• _Work required_:
I'd like the listing below copied exactly, with the images left out.

• _Given entries_:
┄┄┄┄┄┄┄┄┄┄┄┄┄┄┄┄┄┄┄┄
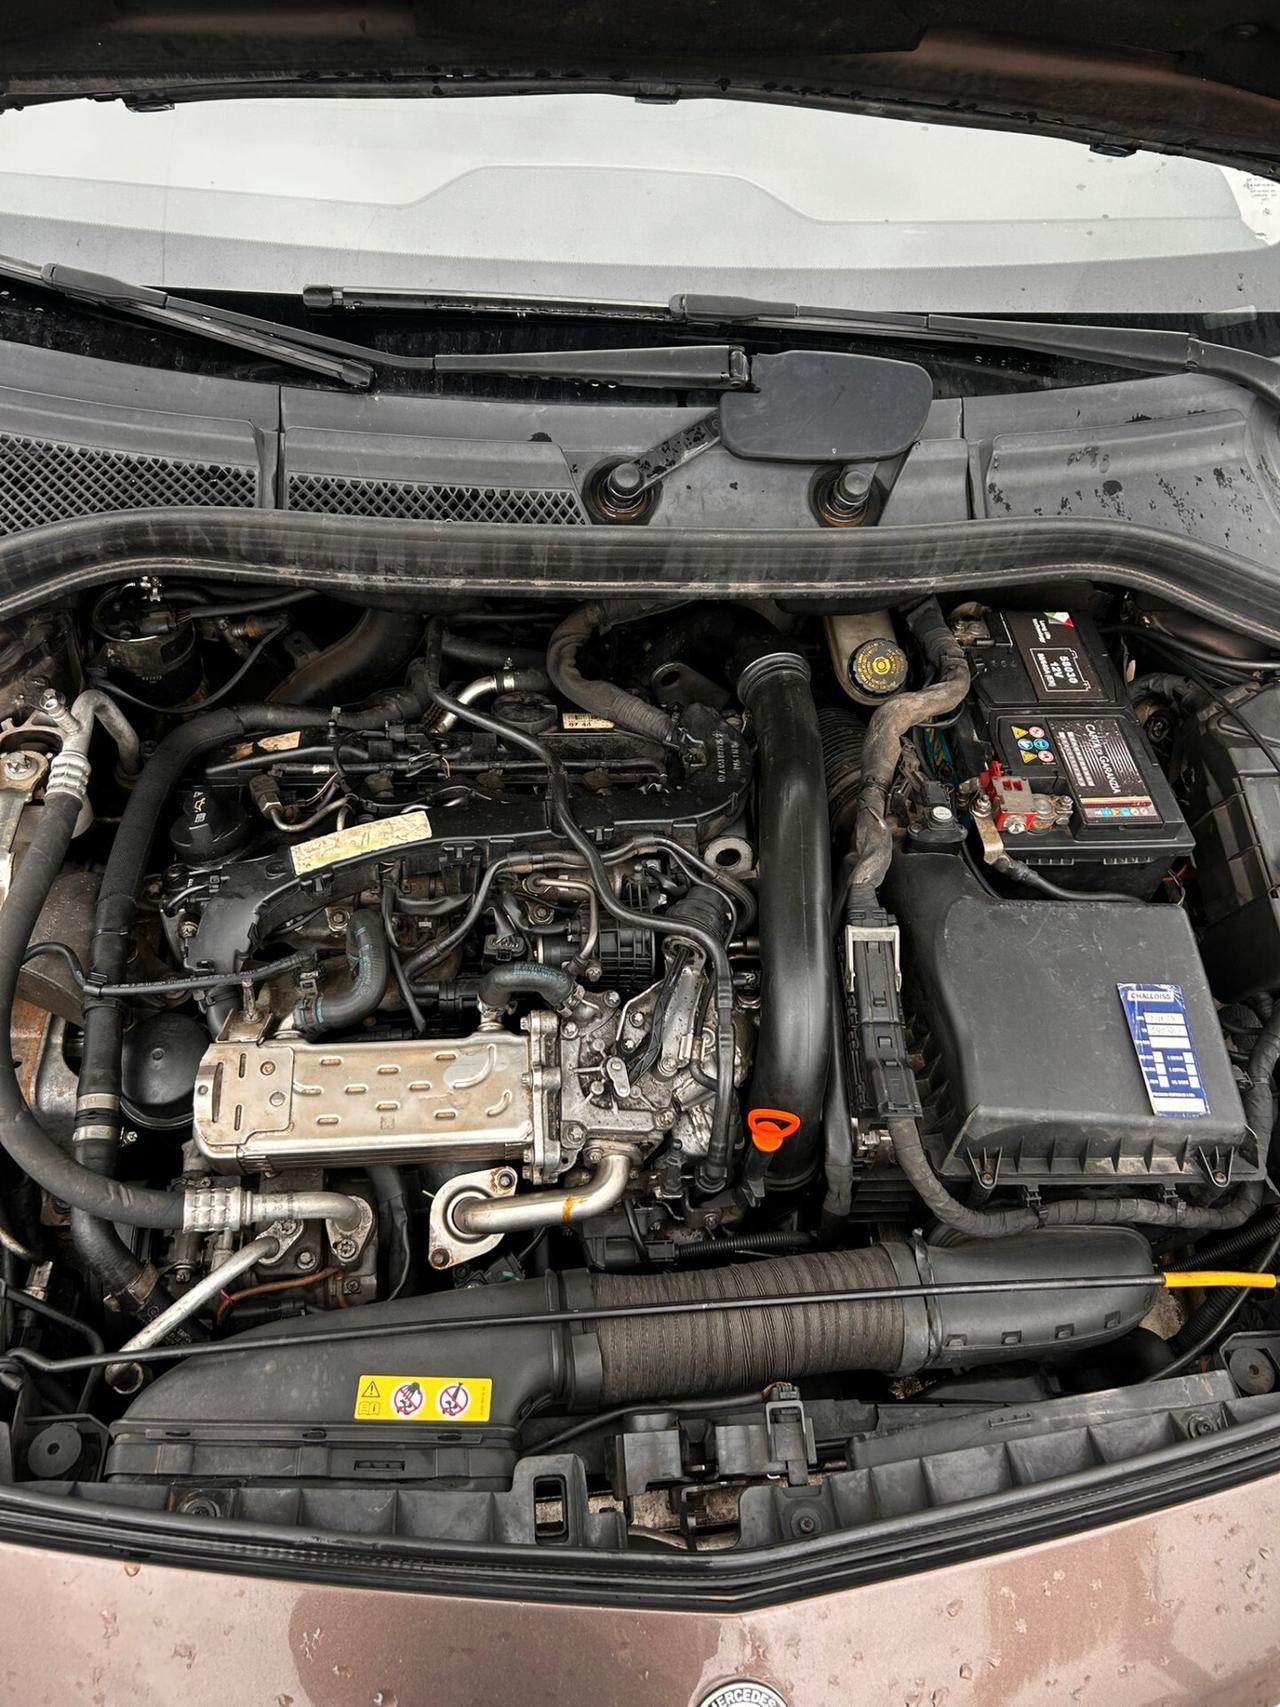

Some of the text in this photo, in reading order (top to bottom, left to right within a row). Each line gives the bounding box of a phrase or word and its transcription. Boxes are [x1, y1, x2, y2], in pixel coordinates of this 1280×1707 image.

[1049, 661, 1065, 679] 12V
[1059, 655, 1079, 684] 58030
[1085, 723, 1103, 748] CARTA
[1099, 755, 1121, 794] GARANZIA
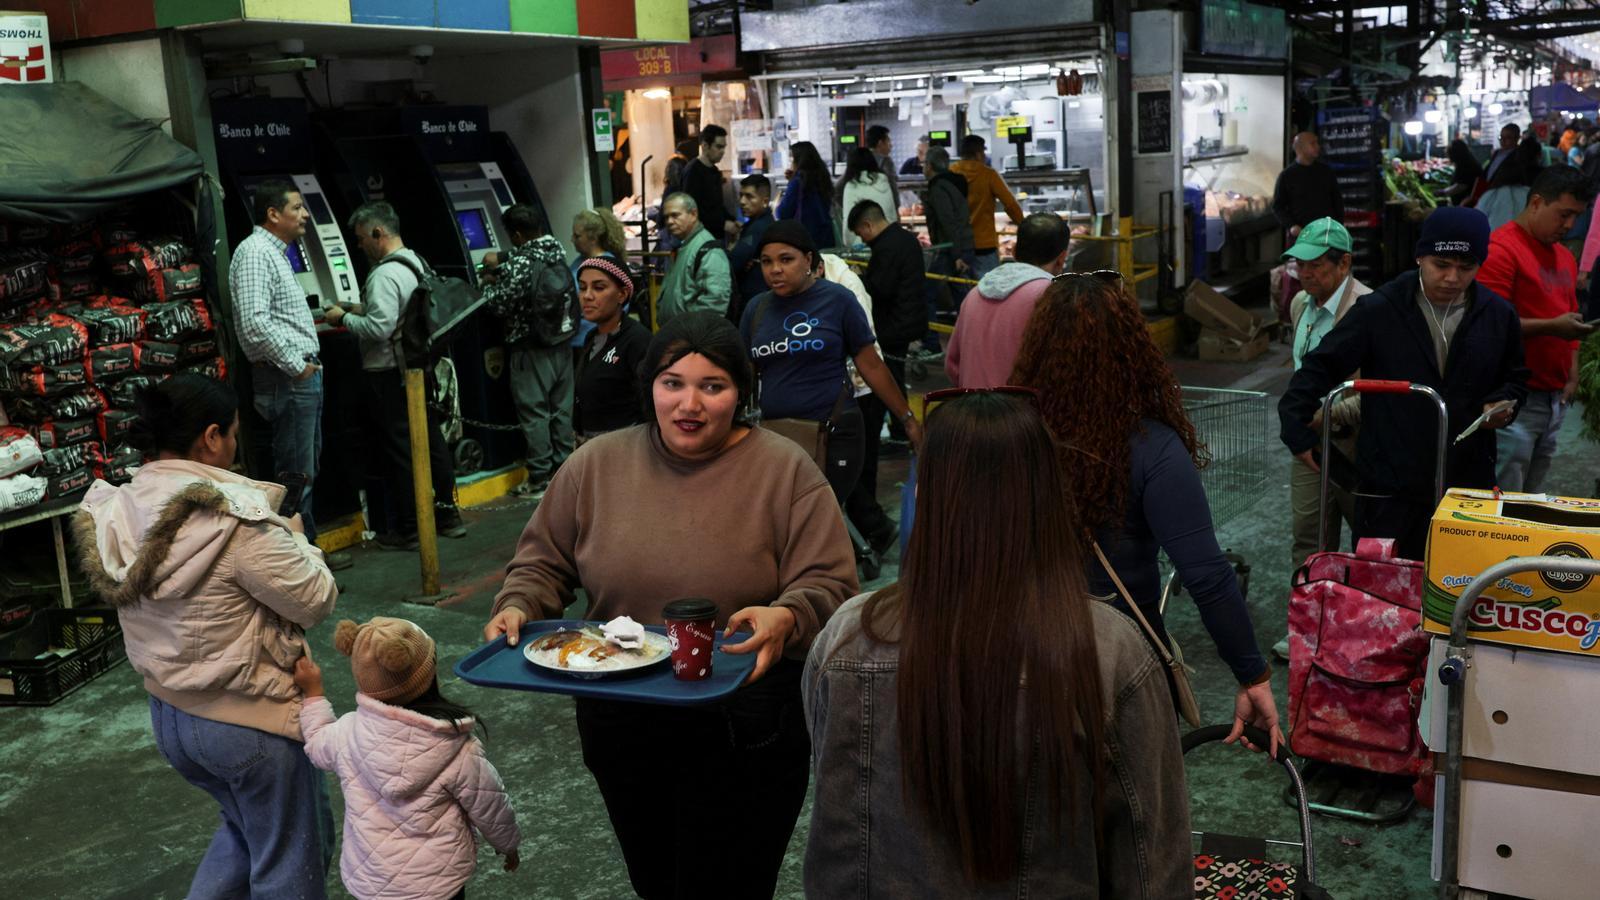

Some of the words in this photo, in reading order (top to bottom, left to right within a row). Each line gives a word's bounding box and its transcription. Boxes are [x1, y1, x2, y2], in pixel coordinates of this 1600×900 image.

[635, 47, 671, 61] LOCAL
[219, 123, 252, 138] Banco
[254, 123, 265, 137] de
[266, 122, 292, 137] Chile
[421, 120, 447, 134] Banco
[447, 121, 457, 133] de
[457, 119, 478, 132] Chile
[1439, 526, 1477, 537] PRODUCT
[1477, 530, 1489, 538] OF
[1490, 531, 1530, 543] ECUADOR
[1497, 577, 1535, 597] Fresh
┄┄┄┄┄┄┄┄┄┄┄┄┄┄┄┄┄┄┄┄
• _Answer box_:
Some of the text in this photo, in reading order (top to bottom, left to right within a row). Each line gives the bounding box of a phrase or word and its transcription. Boxes are [x1, y1, x2, y2], in pixel coordinates of this 1280×1707 image.

[1049, 661, 1065, 679] 12V
[1059, 655, 1079, 684] 58030
[1085, 723, 1103, 748] CARTA
[1099, 755, 1121, 794] GARANZIA

Some of the words in this photo, in reading order (top to bottom, left to right within a row). Each line gives a word's bounding box and its transcription. Boxes are [x1, y1, x2, y2], in pixel coordinates of this 1600×900 image.

[635, 47, 671, 61] LOCAL
[219, 123, 252, 138] Banco
[254, 123, 265, 137] de
[266, 122, 292, 137] Chile
[421, 120, 447, 134] Banco
[447, 121, 457, 133] de
[457, 119, 478, 132] Chile
[1439, 526, 1477, 537] PRODUCT
[1477, 530, 1489, 538] OF
[1490, 531, 1530, 543] ECUADOR
[1497, 577, 1535, 597] Fresh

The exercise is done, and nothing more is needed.